The Theological Turn In Contemporary Gothic Fiction


The Theological Turn In Contemporary Gothic Fiction
DOWNLOAD

Author : Simon Marsden
language : en
Publisher: Springer
Release Date : 2018-09-21

The Theological Turn In Contemporary Gothic Fiction written by Simon Marsden and has been published by Springer this book supported file pdf, txt, epub, kindle and other format this book has been release on 2018-09-21 with Literary Criticism categories.


This study examines theological themes and resonances in post-1970 Gothic fiction. It argues that contemporary Gothic is not simply a secularised genre, but rather one that engages creatively – and often subversively – with theological texts and traditions.

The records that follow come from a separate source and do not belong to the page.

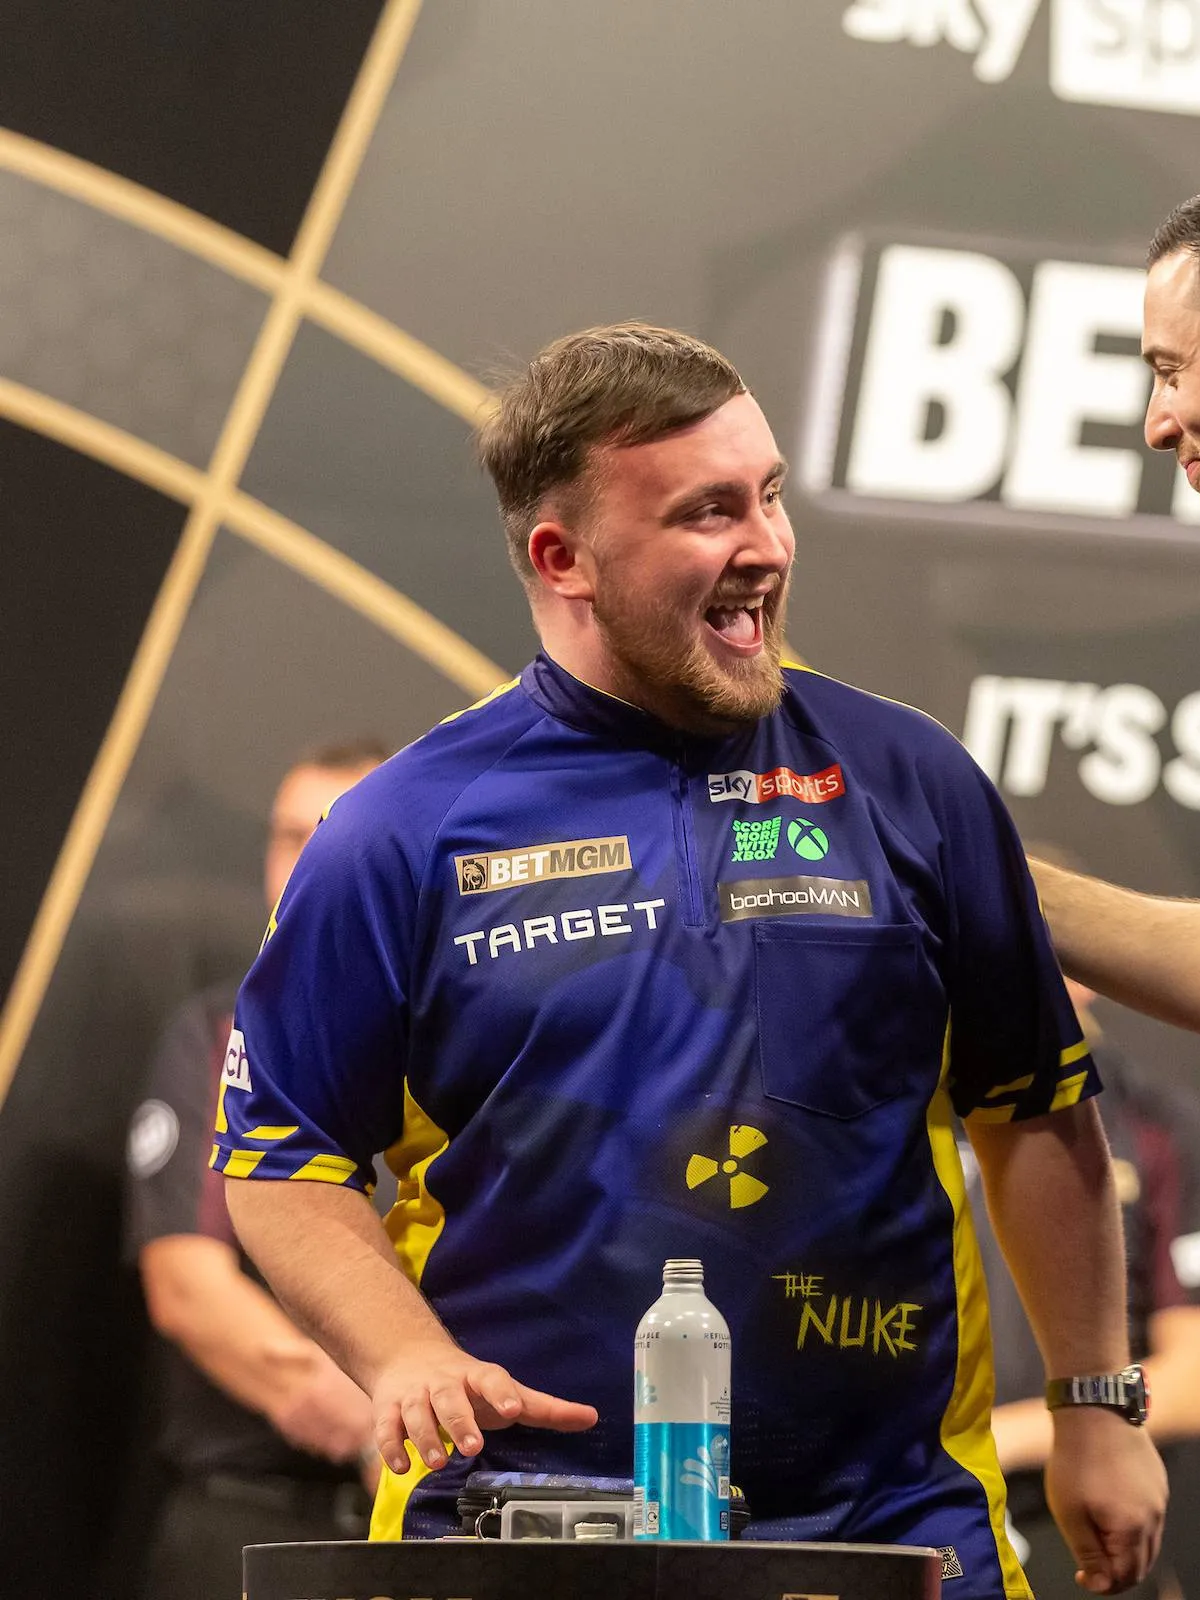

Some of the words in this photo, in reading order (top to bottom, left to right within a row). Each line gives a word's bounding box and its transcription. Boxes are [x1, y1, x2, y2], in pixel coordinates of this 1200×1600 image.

[962, 675, 1168, 806] IT'S
[708, 774, 752, 799] sky
[761, 773, 839, 797] sports
[732, 815, 782, 832] SCORE
[735, 828, 780, 842] MORE
[731, 848, 776, 862] XBOX
[737, 838, 778, 851] WITH
[490, 842, 625, 885] BETMGM
[730, 886, 860, 910] boohooMAN
[453, 898, 666, 965] TARGET
[771, 1271, 824, 1298] THE
[797, 1294, 924, 1358] NUKE
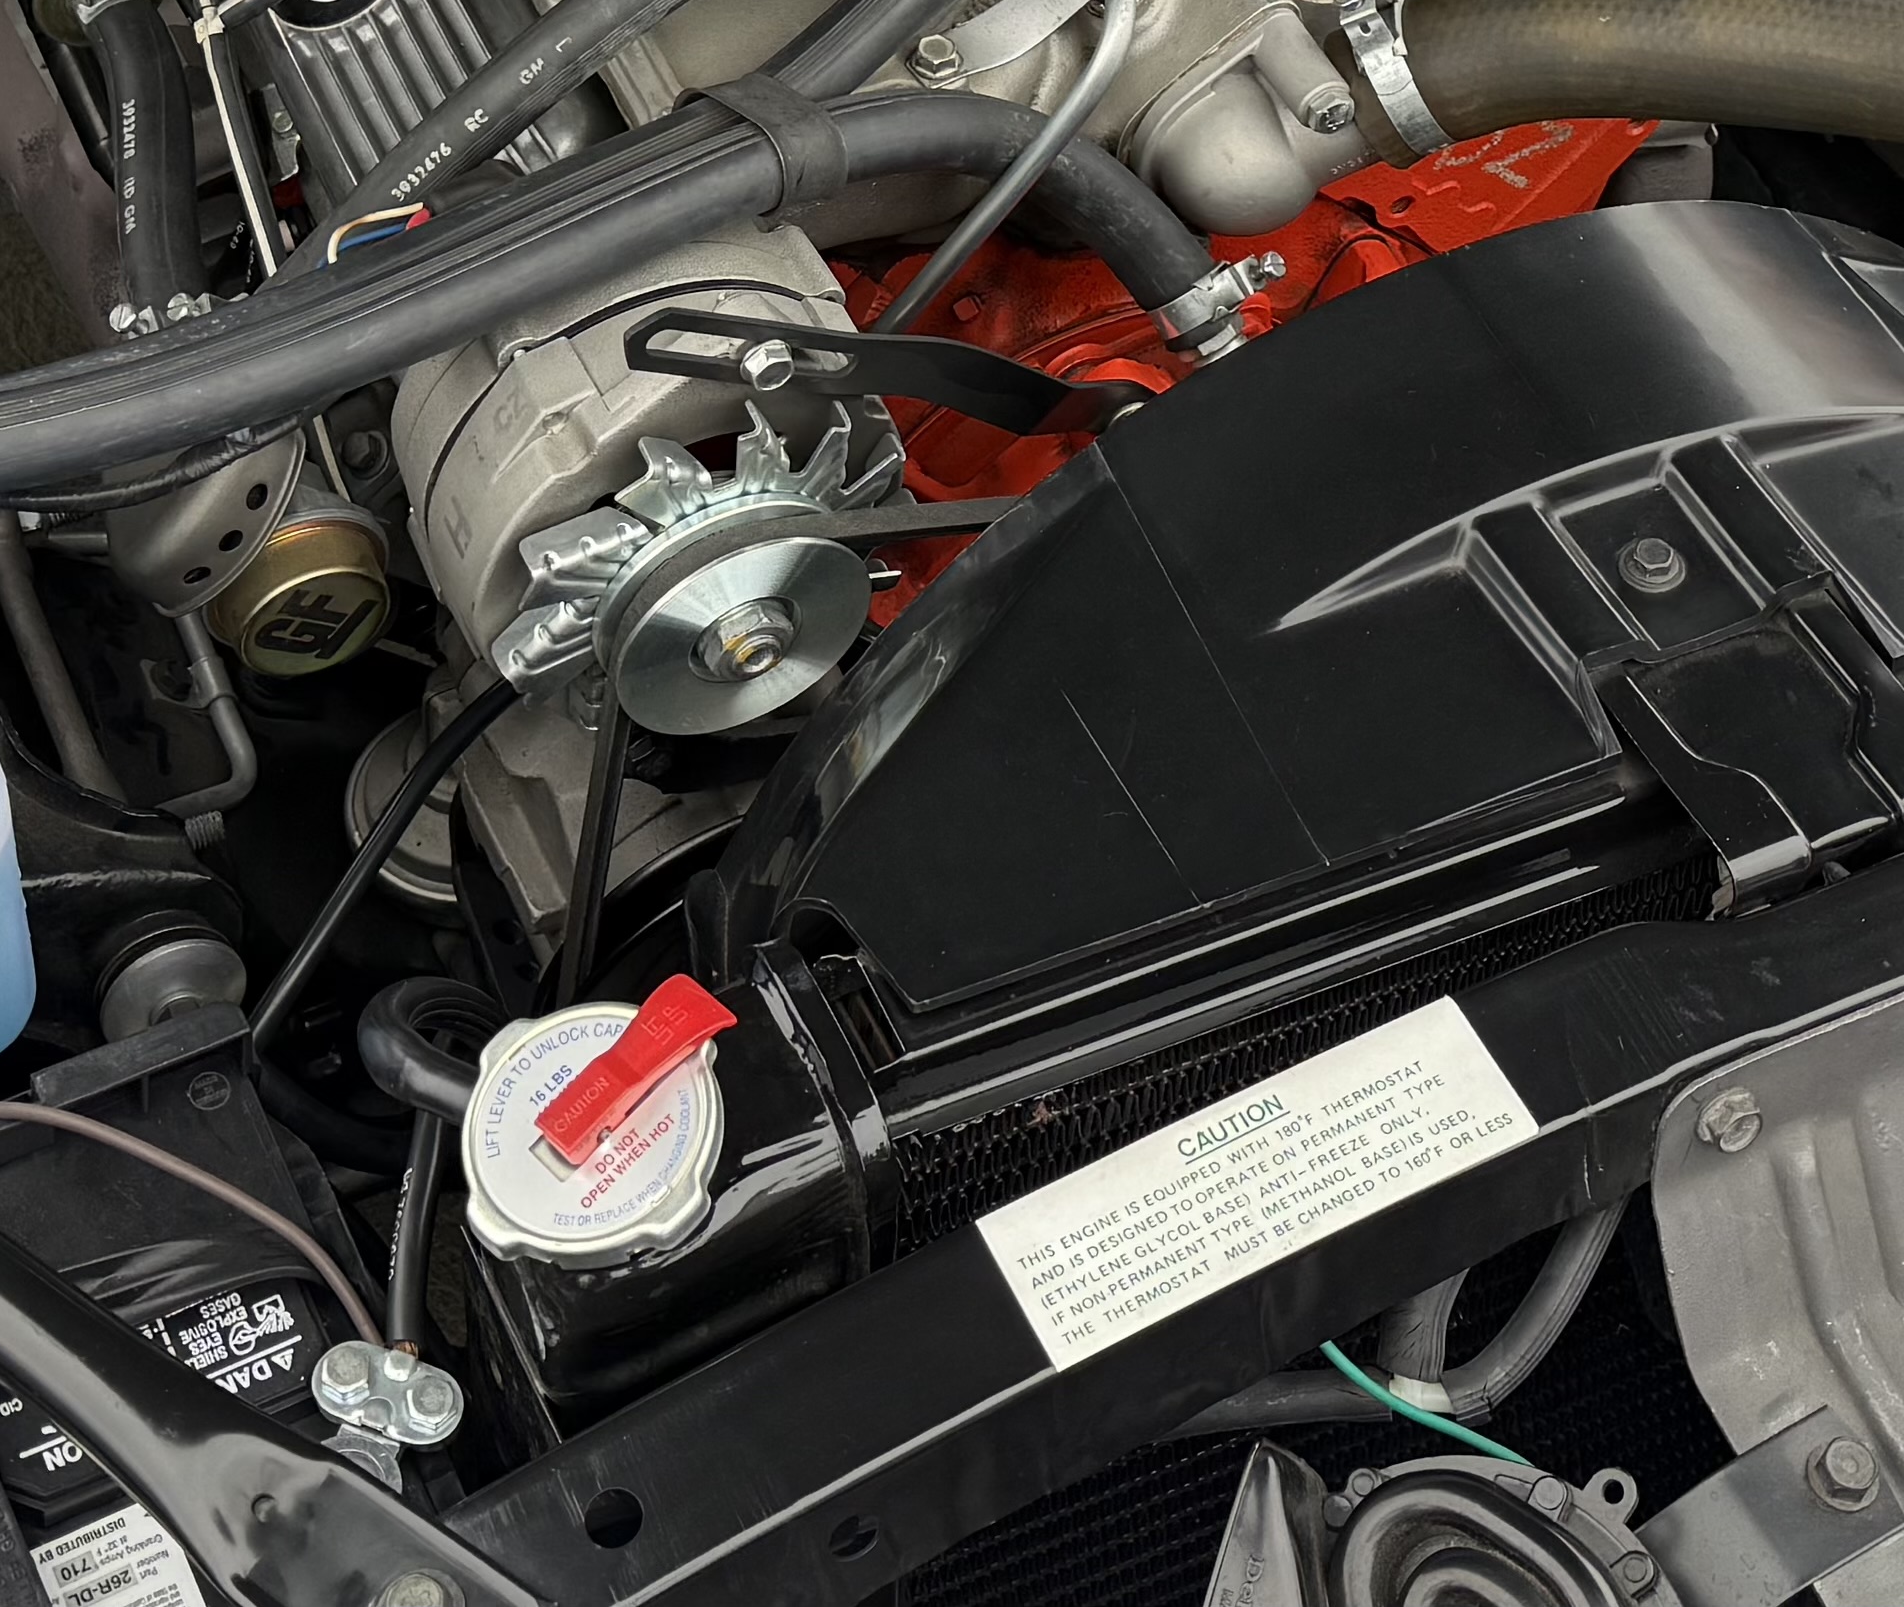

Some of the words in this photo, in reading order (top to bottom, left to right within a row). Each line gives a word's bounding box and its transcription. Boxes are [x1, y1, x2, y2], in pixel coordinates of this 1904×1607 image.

[391, 142, 452, 201] 3932476
[530, 1028, 590, 1061] UNLOCK
[593, 1022, 624, 1037] CAP
[512, 1056, 532, 1080] TO
[528, 1091, 547, 1107] 16
[544, 1064, 573, 1089] LBS
[489, 1076, 517, 1124] LEVER
[553, 1075, 610, 1133] CAUTION
[485, 1128, 501, 1158] LIFT
[1177, 1094, 1283, 1156] CAUTION
[553, 1212, 576, 1226] TEST
[576, 1214, 592, 1226] OR
[594, 1200, 637, 1225] REPLACE
[635, 1179, 663, 1204] WHEN
[658, 1133, 687, 1184] CHANGING
[675, 1089, 691, 1138] COOLANT
[580, 1173, 616, 1209] OPEN
[614, 1142, 651, 1179] WHEN
[647, 1113, 676, 1142] HOT
[595, 1154, 616, 1175] DO
[614, 1128, 641, 1155] NOT
[1016, 1244, 1055, 1269] THIS
[1059, 1209, 1120, 1249] ENGINE
[1123, 1200, 1140, 1216] IS
[1142, 1160, 1221, 1206] EQUIPPED
[1226, 1136, 1269, 1164] WITH
[1320, 1060, 1422, 1116] THERMOSTAT
[1031, 1263, 1065, 1290] AND
[1068, 1252, 1084, 1268] IS
[1086, 1210, 1168, 1259] DESIGNED
[1168, 1198, 1193, 1215] TO
[1194, 1160, 1269, 1204] OPERATE
[1271, 1145, 1297, 1166] ON
[1300, 1096, 1395, 1151] PERMANENT
[1402, 1073, 1445, 1099] TYPE
[1040, 1252, 1132, 1309] (ETHYLENE
[1133, 1220, 1200, 1258] GLYCOL
[1201, 1192, 1251, 1224] BASE)
[1050, 1310, 1064, 1326] IF
[1209, 1214, 1254, 1242] TYPE
[1260, 1166, 1356, 1219] (METHANOL
[1060, 1320, 1095, 1344] THE
[1102, 1259, 1210, 1322] THERMOSTAT
[1223, 1230, 1268, 1261] MUST
[1271, 1218, 1295, 1237] BE
[1297, 1179, 1375, 1224] CHANGED
[1377, 1165, 1400, 1182] TO
[1449, 1131, 1474, 1149] OR
[1474, 1112, 1513, 1137] LESS
[178, 1305, 248, 1344] EXPLOSIVE
[199, 1292, 243, 1319] GASES
[185, 1331, 223, 1355] EYES
[38, 1548, 54, 1564] BY
[54, 1516, 126, 1556] DISTRIBUTED
[59, 1557, 91, 1581] 710
[66, 1569, 131, 1607] 26R-DL

This creative engagement is reflected in Gothic fiction’s exploration of theological concepts including sin and evil, Christology and the messianic, resurrection, eschatology and apocalypse. Through readings of fiction by Gothic and horror writers including Stephen King, Joyce Carol Oates, Peter Straub, William Peter Blatty and others, this book demonstrates that Christianity continues to haunt the Gothic imagination and that the genre’s openness to the mysterious, numinous and non-rational opens space in which to explore religious beliefs and experiences less easily accessible to more overtly realist forms of representation. The book offers a new perspective on contemporary Gothic fiction that will be of interest to students and scholars of contemporary Gothic and of the relationship between literature and religion more generally.